The UK Economy: An Accountant’s View
Speaking to an accountant is always interesting. Firstly, you are hoping that they can save you some tax money - any savings are more than interesting!! Secondly, they have real insight into the workings of businesses in a way that a stock market or finance column (or blog!) does not.
My own accountant is owner of a small operation. His company comprises 8 people in total and is based in a residential house. He is 36 and purchased the firm a few years ago from it’s founder - in total the company has been trading for a couple of decades.
He explained to me that so far his firm has only been involved in 2 bankruptcies. Both related to the residential property (building and development) sector.
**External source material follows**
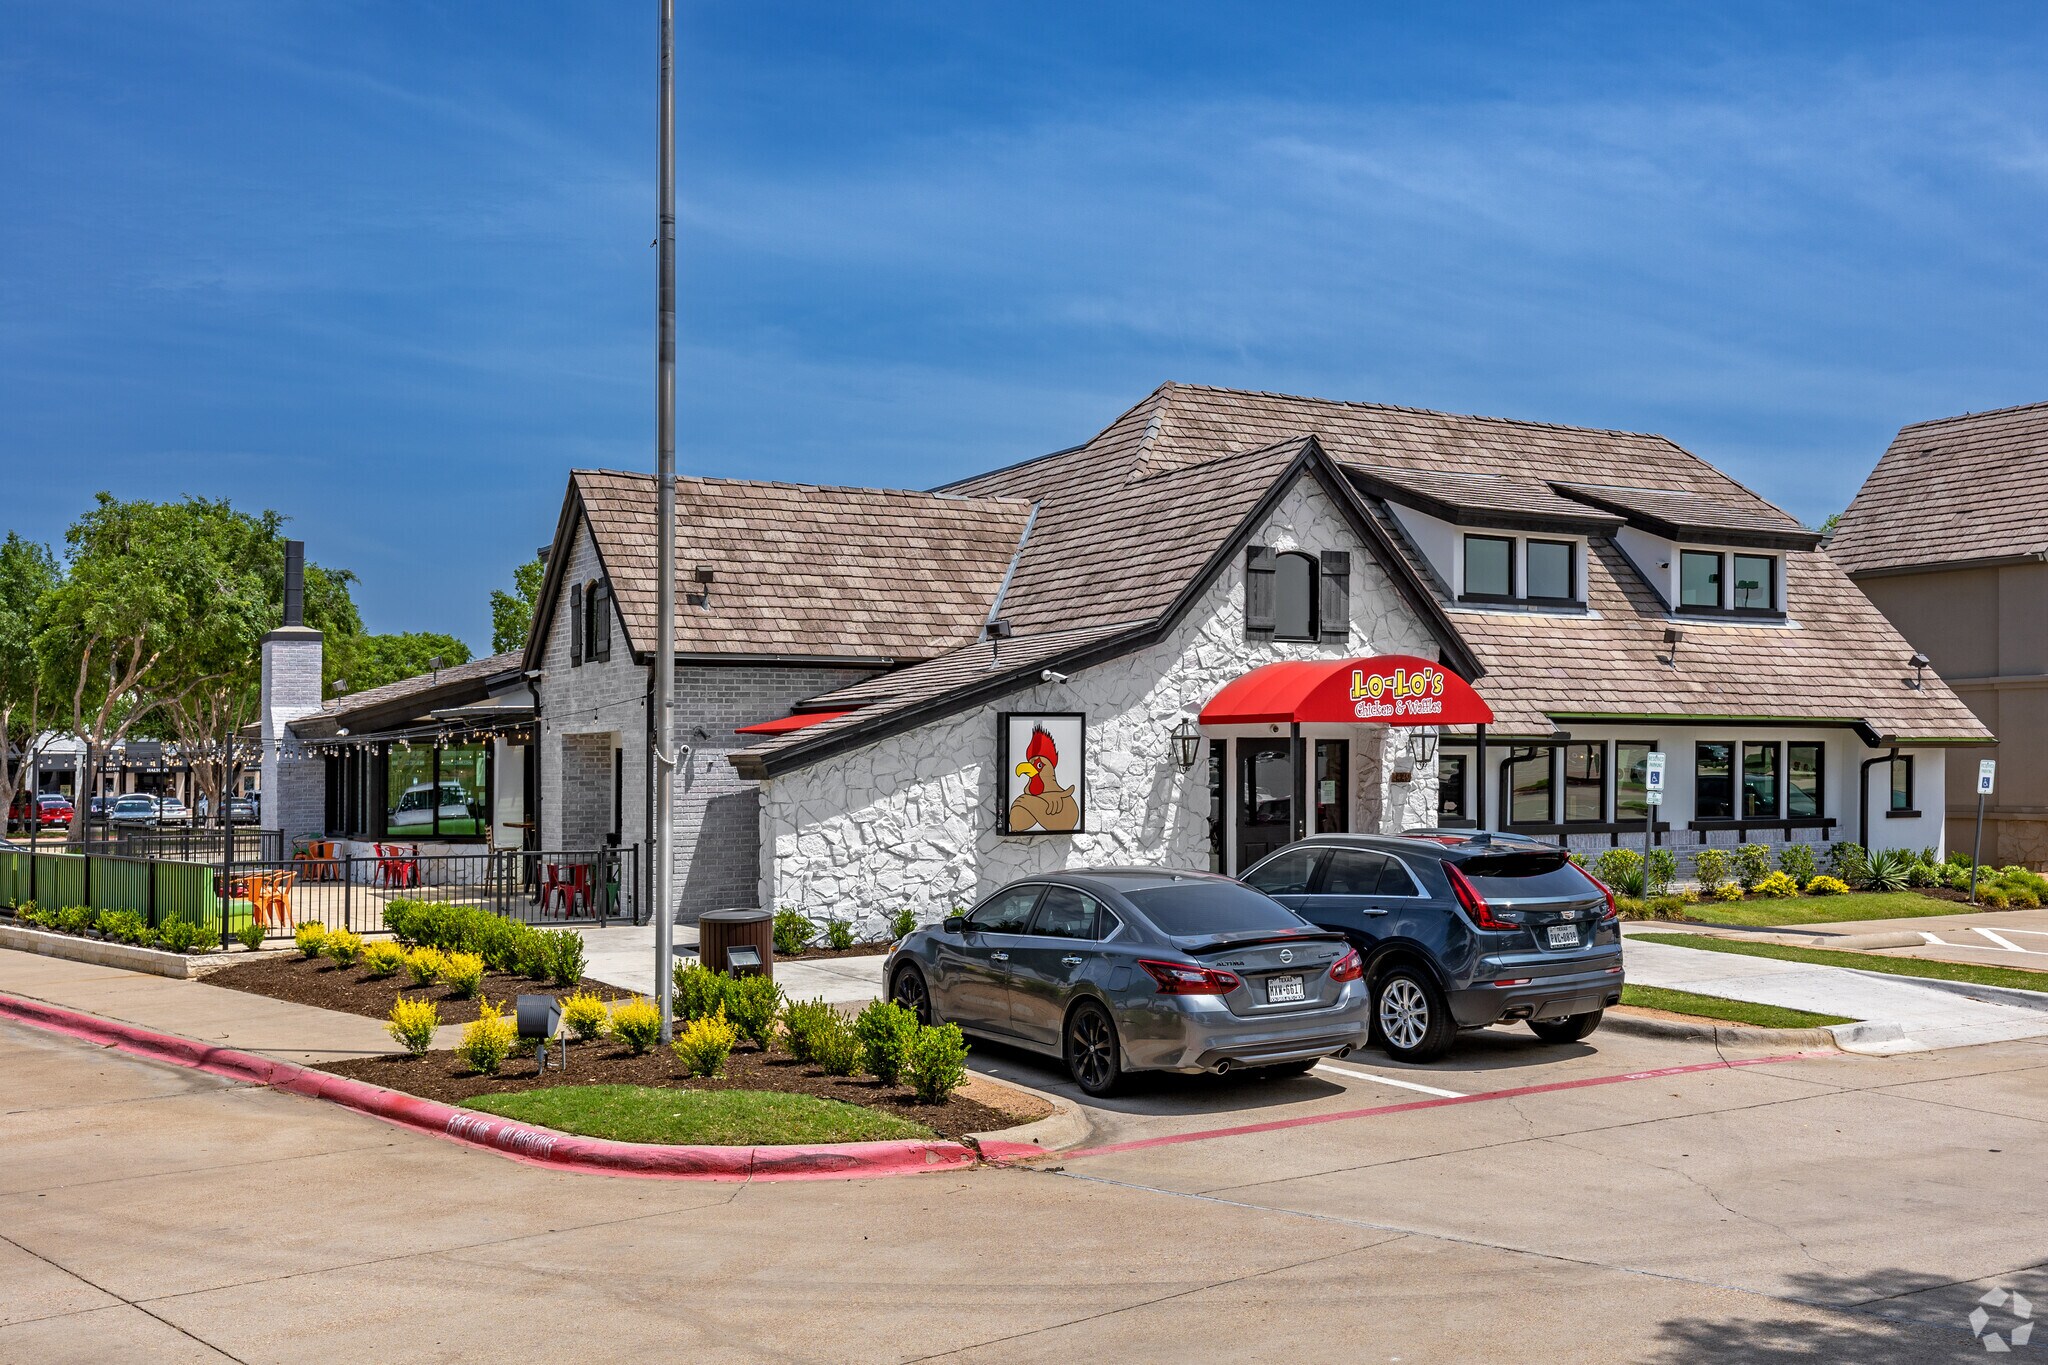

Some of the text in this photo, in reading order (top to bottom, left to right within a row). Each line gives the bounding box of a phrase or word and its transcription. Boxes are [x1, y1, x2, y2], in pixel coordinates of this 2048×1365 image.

[1355, 698, 1442, 717] Chicken & Waffles
[497, 1125, 517, 1145] NO
[511, 1129, 558, 1159] PARKING
As he explained it, both were relatively young guys that had seen nothing but money over the last few years and had expanded significantly on the back of borrowed money. They had expanded quickly and then also borrowed heavily for their own residential property. As the property market started to “pop”, they had a mass of liabilities backing falling asset prices. Ouch!
In essence, this is exactly what the press has been describing for some months now.
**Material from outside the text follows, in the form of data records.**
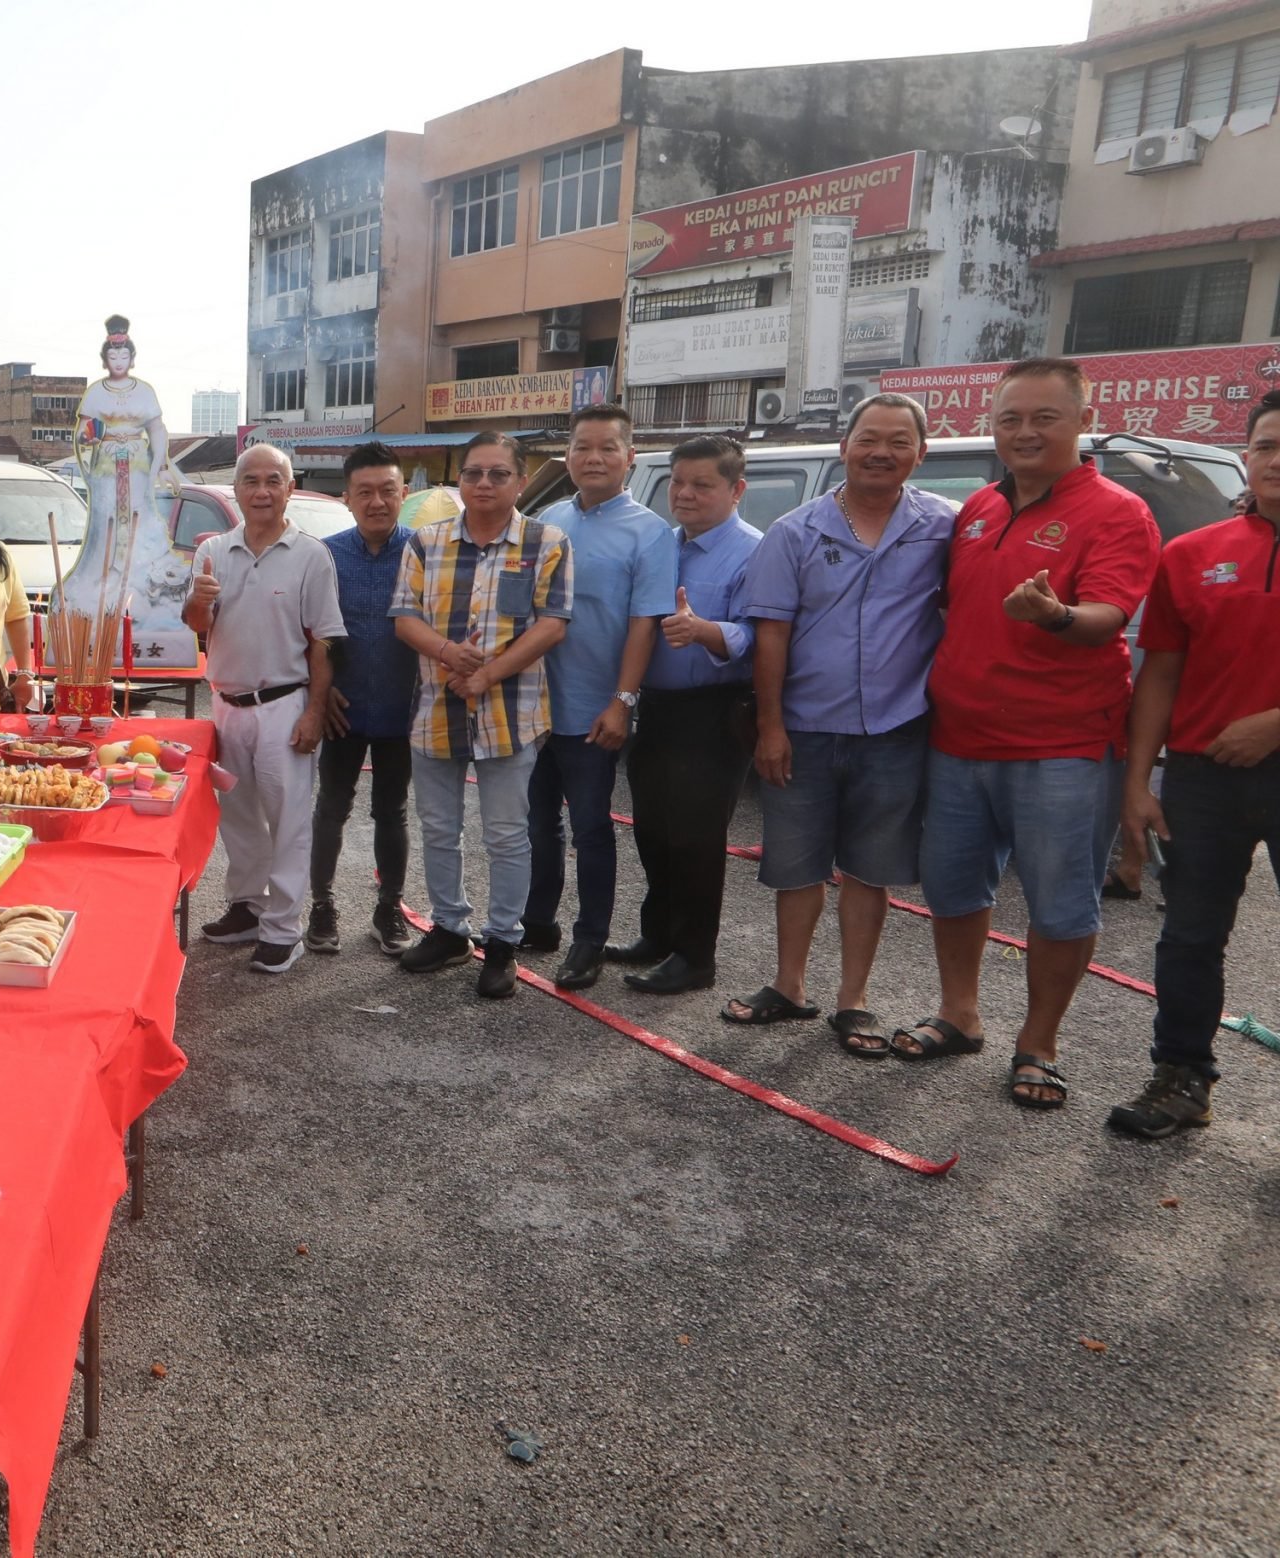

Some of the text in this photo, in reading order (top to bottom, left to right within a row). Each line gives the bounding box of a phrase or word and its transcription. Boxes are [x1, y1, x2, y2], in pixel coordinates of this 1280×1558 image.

[684, 166, 902, 227] KEDAI UBAT DAN RUNCIT
[709, 218, 741, 238] EKA
[745, 208, 782, 231] MINI
[787, 193, 864, 222] MARKET
[632, 234, 665, 251] Panadol
[828, 274, 841, 284] MINI
[815, 285, 839, 295] MARKET
[692, 324, 721, 338] KEDAI
[724, 318, 752, 333] UBAT
[754, 316, 774, 330] DAN
[692, 338, 716, 352] EKA
[722, 335, 752, 349] MINI
[454, 382, 475, 400] KEDAI
[477, 379, 517, 397] BARANGAN
[518, 372, 570, 394] SEMBAHYANG
[882, 377, 910, 389] KEDAI
[912, 374, 966, 388] BARANGAN
[1226, 385, 1251, 399] 旺
[454, 399, 482, 414] CHEAN
[484, 397, 507, 412] FATT
[266, 423, 363, 439] PEMBEKAL BARANGAN PERSOLEKAN
The firm has a number of other property related clients, but these are older and more established. Having seen such cycles before, they had taken steps to secure their borrowings for longer periods, they have cash balances to see them through (some) bad times, and have generally taken less risks.
Whether they are able to survive long-term, who can say, this recession could be a very long one. But for now at least, they are in much better shape.
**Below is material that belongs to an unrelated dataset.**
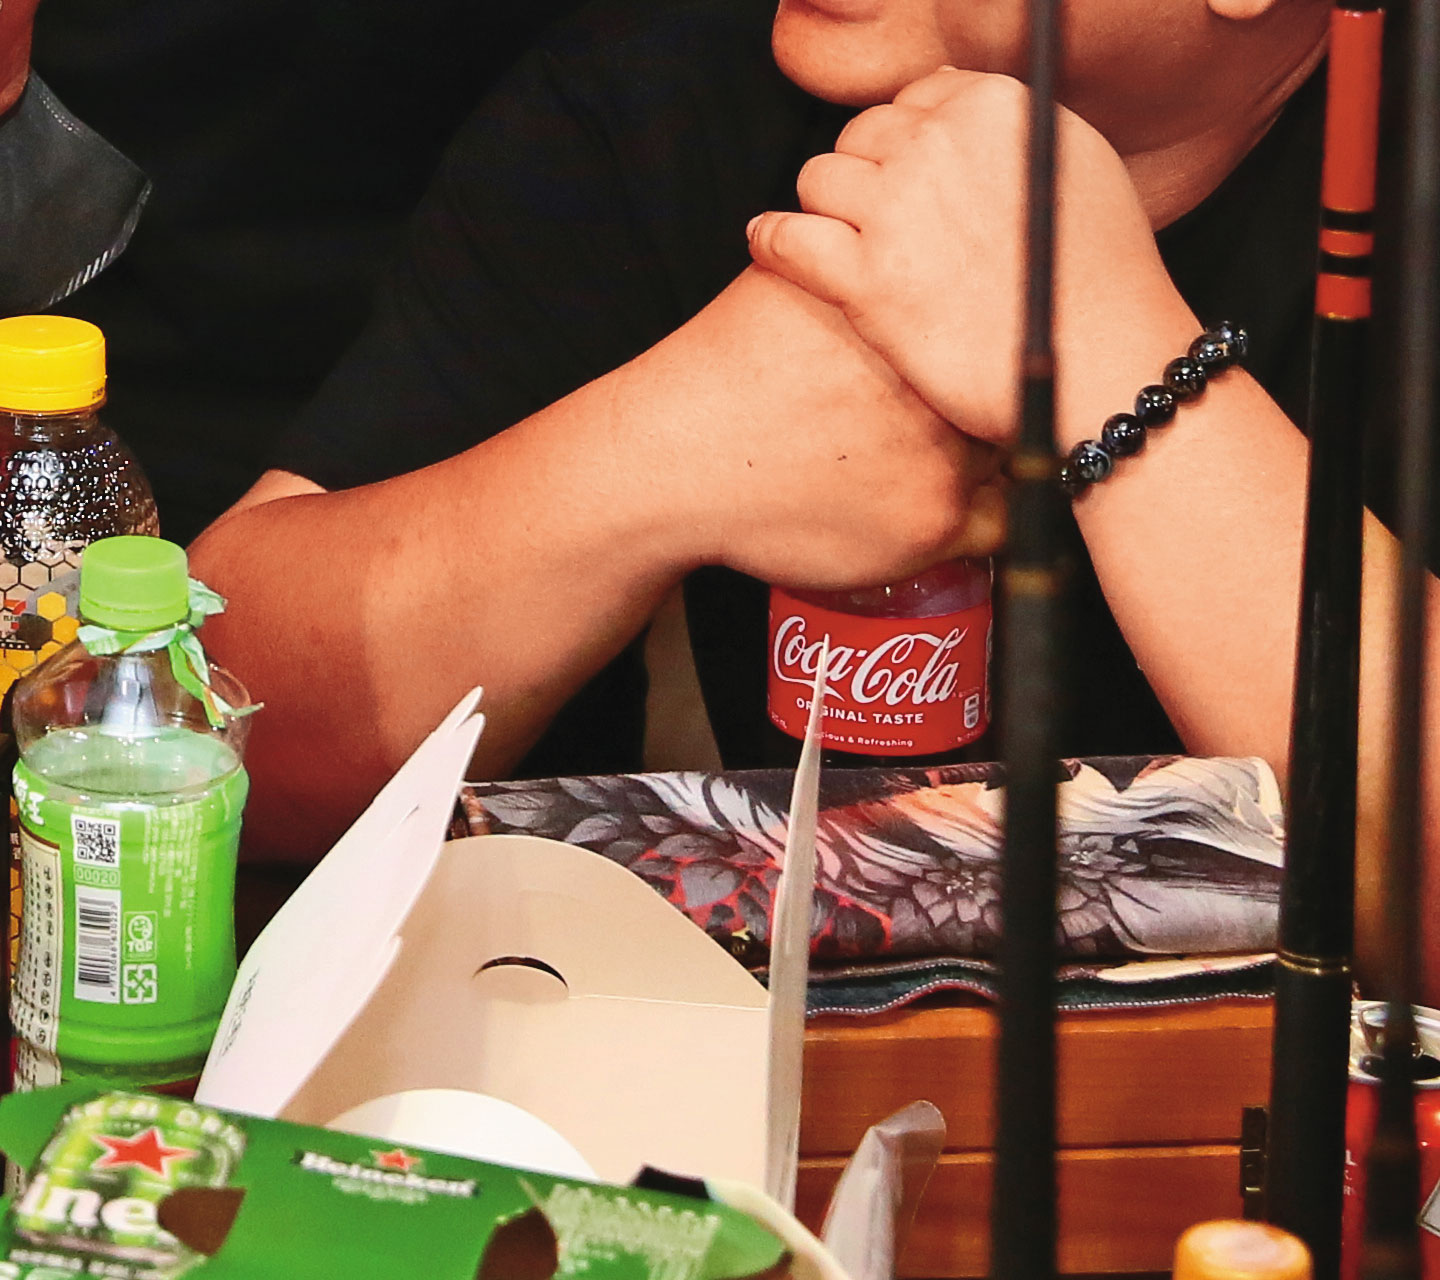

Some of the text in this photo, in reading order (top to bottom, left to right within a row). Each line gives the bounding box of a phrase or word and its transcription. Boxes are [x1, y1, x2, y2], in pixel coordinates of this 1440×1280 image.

[773, 615, 969, 706] Coca-Cola
[796, 697, 925, 726] ORGINAL TASTE
[857, 736, 914, 748] Refreshing
[127, 941, 154, 954] TQF
My accountant - as you might imagine - also has to go and give bad news to companies. For some of those firms that he prepares monthly accounts for, he has had to deliver bad news. The news takes the form of, “shed some staff or you will go under”, and must be very hard to give. Ultimately, whether the firms follow the advice or not is up to them.
He has been seeing that just about every type of business is being impacted by this recession. If it turns into a depression - as it may well do - then it will be difficult to imagine firms that will escape untouched.
He is trying to convince companies to scale down to the new lower business levels quickly to ensure that as and when a recover comes - and a recovery will come - they are on the start line, still trading, and ready to go again in the next cycle.
He did, however, also mention a number of individuals that are taking this downturn as an opportunity to “cash-out” and retire. They are of a certain age - in their fifties - and may simply not want to be involved next time around. If that is the case, they are thinking, “Why bother?” and are looking to retire completely.
Making way for the next generation of business owners and entrepreneurs is the natural order of capitalism. Like nature, things grow vigorously but will one day wither and die.
It seems that this slowdown is forcing some of these organisations out. One must presume that if this is how the small business world is impacted, then big business must be near identical.